I made a painful decision. I struck two books off my currently reading list on Goodreads.

I weighed the heft of Beth Macy's book, Factory Man in my hand, flipped to where I stopped, page 231, fanned to the end, page 408, and slipped it onto my finished reading book shelf.

I met Beth Macy over a year ago. She was teaching a master class as part of the James Rivers Writers annual writing conference. She was fantastic. Her methods of research, her personal story, and how she engaged with the group were inspiring. As a non-fiction writer, I felt I learned something valuable for my own bag of tricks. She talked at length about Factory Man. It was a national bestseller and there were whispers Tom Hanks was going to make it into a movie. I eagerly bought the book.

But, over a year later, I can't get past page 231. It was the book I reached for to put myself to sleep, not the one that I stayed up all night reading.

I feel bad!

Most people shrug when they cast books aside. "Not for me. There is too much to read." But as a writer, I know it takes an editorial village to write a book. It starts with the author and his or her research, the people and places they travel and time to fill in the idea. After the manuscript is complete, there are readers, an agent, a book editor, art and layout, publicity, and on and on. The book at the store is more than the pages. I feel I owe it an author to read to the end.

Factory Man is an interesting story. As a Virginia resident, I learned a lot about the history and the people and lifestyle of the southern part of the state. It's a David and Goliath story. But I couldn't read to the end.

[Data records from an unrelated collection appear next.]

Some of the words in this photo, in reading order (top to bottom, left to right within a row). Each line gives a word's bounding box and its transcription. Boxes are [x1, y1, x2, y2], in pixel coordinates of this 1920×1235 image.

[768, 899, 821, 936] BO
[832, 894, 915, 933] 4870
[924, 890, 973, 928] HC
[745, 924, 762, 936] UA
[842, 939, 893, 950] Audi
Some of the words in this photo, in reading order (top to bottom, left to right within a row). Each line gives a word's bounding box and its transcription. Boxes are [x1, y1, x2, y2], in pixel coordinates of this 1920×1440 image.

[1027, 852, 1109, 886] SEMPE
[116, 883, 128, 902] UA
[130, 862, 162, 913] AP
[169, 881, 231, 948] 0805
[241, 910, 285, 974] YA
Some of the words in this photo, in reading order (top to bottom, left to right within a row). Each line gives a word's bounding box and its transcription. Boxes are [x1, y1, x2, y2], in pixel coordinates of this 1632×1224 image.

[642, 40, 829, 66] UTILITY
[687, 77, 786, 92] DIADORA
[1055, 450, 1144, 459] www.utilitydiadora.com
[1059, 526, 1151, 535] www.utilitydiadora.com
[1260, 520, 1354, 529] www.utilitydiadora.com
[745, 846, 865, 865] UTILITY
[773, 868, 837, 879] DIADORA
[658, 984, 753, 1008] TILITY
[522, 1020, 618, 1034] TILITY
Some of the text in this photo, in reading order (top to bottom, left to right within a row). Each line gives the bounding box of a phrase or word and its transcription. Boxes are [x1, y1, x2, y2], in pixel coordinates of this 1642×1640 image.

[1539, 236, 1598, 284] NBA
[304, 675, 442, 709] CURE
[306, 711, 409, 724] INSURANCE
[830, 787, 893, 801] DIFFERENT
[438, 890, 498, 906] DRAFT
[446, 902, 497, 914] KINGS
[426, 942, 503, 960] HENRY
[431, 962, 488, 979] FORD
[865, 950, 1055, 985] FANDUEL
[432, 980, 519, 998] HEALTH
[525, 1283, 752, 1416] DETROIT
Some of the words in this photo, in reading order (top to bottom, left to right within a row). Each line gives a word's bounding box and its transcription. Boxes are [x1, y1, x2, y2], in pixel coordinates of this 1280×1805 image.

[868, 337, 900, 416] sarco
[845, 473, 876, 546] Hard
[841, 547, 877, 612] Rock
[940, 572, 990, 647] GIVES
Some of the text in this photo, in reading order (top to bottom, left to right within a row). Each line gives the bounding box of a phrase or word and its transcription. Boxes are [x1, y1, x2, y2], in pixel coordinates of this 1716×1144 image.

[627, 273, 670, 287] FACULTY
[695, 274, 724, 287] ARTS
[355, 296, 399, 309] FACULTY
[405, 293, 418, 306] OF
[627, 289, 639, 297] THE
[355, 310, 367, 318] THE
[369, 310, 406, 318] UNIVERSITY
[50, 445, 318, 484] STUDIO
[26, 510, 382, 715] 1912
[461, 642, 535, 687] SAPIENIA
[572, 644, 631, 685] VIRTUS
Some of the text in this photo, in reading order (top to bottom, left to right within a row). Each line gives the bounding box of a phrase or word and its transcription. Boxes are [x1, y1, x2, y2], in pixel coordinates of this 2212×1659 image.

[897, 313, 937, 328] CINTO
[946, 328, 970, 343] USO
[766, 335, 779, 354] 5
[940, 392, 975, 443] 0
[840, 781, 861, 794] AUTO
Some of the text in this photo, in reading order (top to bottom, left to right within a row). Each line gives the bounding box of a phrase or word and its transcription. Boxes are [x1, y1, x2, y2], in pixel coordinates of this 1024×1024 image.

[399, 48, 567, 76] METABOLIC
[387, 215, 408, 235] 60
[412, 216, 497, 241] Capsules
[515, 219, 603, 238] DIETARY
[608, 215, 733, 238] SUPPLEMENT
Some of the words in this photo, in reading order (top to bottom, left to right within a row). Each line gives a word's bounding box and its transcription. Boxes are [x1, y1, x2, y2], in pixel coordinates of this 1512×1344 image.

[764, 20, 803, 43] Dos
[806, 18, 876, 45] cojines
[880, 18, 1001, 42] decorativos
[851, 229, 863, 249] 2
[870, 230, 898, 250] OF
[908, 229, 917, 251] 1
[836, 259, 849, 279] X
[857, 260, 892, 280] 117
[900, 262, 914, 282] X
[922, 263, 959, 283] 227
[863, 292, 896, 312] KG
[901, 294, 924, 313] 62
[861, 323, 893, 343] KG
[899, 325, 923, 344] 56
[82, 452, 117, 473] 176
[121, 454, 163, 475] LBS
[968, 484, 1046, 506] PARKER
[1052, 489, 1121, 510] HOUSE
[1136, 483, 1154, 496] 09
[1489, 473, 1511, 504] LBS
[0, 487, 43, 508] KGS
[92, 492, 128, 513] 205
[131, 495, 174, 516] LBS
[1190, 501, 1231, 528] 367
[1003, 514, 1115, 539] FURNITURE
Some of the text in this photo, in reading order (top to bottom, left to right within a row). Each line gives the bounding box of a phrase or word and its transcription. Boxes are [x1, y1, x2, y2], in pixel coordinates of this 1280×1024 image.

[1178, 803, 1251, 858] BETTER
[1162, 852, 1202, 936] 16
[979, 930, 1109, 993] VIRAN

I won't give up on Beth Macy. I will seek out more of her work.

Why I stopped reading.

The story had too many details. It felt as if I were reading about every breath that everyone in the Virginia factory towns took. I was dizzy reading about the pregnancy, birth, first footsteps, dating, wedding, and factory ownership of an entire family, many who share the same names. Who was backstabbing who again? Additionally, I didn't enjoy the authorial asides where Macy would talk about how she was able to get someone to speak to her about sensitive material. This breaking of the fourth wall didn't fit with the omniscient reporting I wanted.

And, I feel bad!

Having heard Beth Macy speak and experienced her enthusiasm for her subject I wanted to like the narration.

Book Two

A Simple Habana Melody by Oscar Hijuelos - the Pulitzer Prize writer of, The Mambo Kings Play Songs of Love.

This story had the promise of literary richness. A famous Cuban composer is arrested in Paris during WWII and sent to a concentration camp. The story begins with his return home and his lost romance. That's about as far as I got. I plodded through this page after page often rereading paragraphs looking for something to connect me to the character.

I never found it. I put it aside and in the time since I started it, I read four other novels. It stared at me on my nightstand, my favorite book mark poking through the top waving at me.

Why I Stopped Reading

The pacing of this story was too slow. While I don't need two-page chapters and car chases in every book I read, I do need the story to move. The granular details of this story were hard to wade through. I felt lost in this literary world and not interested enough to find a map.

In thinking through my decision to shelve these books, I realize both authors have taught me a lesson about pacing and research details. My preference is for faster stories and details that add to the characters and stories, not become the story. Again, my preference and others may disagree. At that, I will shrug, and add, "there is too much to read," put it down and find something new.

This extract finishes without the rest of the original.